Adjuvant therapy is therapy given in addition to the primary, main, or initial treatment, but simultaneously (as opposed to second-line therapy). Neoadjuvant therapy is therapy that is begun before the main therapy. Thus one can consider surgical excision of a tumor as the first-line therapy for a certain type and stage of cancer even though radiotherapy is used before it; the radiotherapy is neoadjuvant (chronologically first but not primary in the sense of the main event). Premedication is conceptually not far from this, but the words are not interchangeable; cytotoxic drugs to put a tumor "on the ropes" before surgery delivers the "knockout punch" are called neoadjuvant chemotherapy, not premedication, whereas things like anesthetics or prophylactic antibiotics before dental surgery are called premedication.

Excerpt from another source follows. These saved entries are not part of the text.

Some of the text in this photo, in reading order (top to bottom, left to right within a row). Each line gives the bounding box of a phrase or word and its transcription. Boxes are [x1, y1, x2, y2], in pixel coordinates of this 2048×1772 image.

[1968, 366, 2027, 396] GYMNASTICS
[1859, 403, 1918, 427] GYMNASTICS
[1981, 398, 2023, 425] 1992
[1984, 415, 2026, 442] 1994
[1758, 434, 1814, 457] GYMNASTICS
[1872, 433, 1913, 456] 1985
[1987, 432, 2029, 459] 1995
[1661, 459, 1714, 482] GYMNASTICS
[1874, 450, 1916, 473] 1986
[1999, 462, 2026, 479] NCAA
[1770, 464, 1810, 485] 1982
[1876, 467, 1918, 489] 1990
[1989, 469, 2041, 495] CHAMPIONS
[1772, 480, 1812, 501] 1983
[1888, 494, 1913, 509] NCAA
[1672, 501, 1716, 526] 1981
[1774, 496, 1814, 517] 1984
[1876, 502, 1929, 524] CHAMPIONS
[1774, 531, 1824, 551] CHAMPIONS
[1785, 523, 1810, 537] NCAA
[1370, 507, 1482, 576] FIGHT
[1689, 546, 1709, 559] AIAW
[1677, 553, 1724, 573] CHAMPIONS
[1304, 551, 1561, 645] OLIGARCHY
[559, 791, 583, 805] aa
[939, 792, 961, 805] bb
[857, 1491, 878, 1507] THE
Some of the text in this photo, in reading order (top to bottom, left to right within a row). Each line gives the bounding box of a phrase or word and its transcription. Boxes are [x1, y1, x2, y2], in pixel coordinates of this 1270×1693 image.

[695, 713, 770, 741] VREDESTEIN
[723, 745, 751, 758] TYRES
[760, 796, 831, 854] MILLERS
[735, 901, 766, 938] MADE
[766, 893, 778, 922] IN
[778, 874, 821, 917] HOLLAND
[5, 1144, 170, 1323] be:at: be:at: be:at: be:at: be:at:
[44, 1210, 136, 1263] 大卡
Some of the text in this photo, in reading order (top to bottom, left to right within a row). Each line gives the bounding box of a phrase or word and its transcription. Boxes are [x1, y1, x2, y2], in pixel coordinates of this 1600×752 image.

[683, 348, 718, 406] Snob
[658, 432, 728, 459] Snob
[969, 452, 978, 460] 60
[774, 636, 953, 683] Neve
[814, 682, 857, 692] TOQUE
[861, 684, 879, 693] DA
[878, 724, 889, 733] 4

Step therapy or stepladder therapy is a specific type of prioritization by lines of therapy. It is controversial in American health care because unlike conventional decision-making about what constitutes first-line, second-line, and third-line therapy, which in the U.S. reflects safety and efficacy first and cost only according to the patient's wishes, step therapy attempts to mix cost containment by someone other than the patient (third-party payers) into the algorithm.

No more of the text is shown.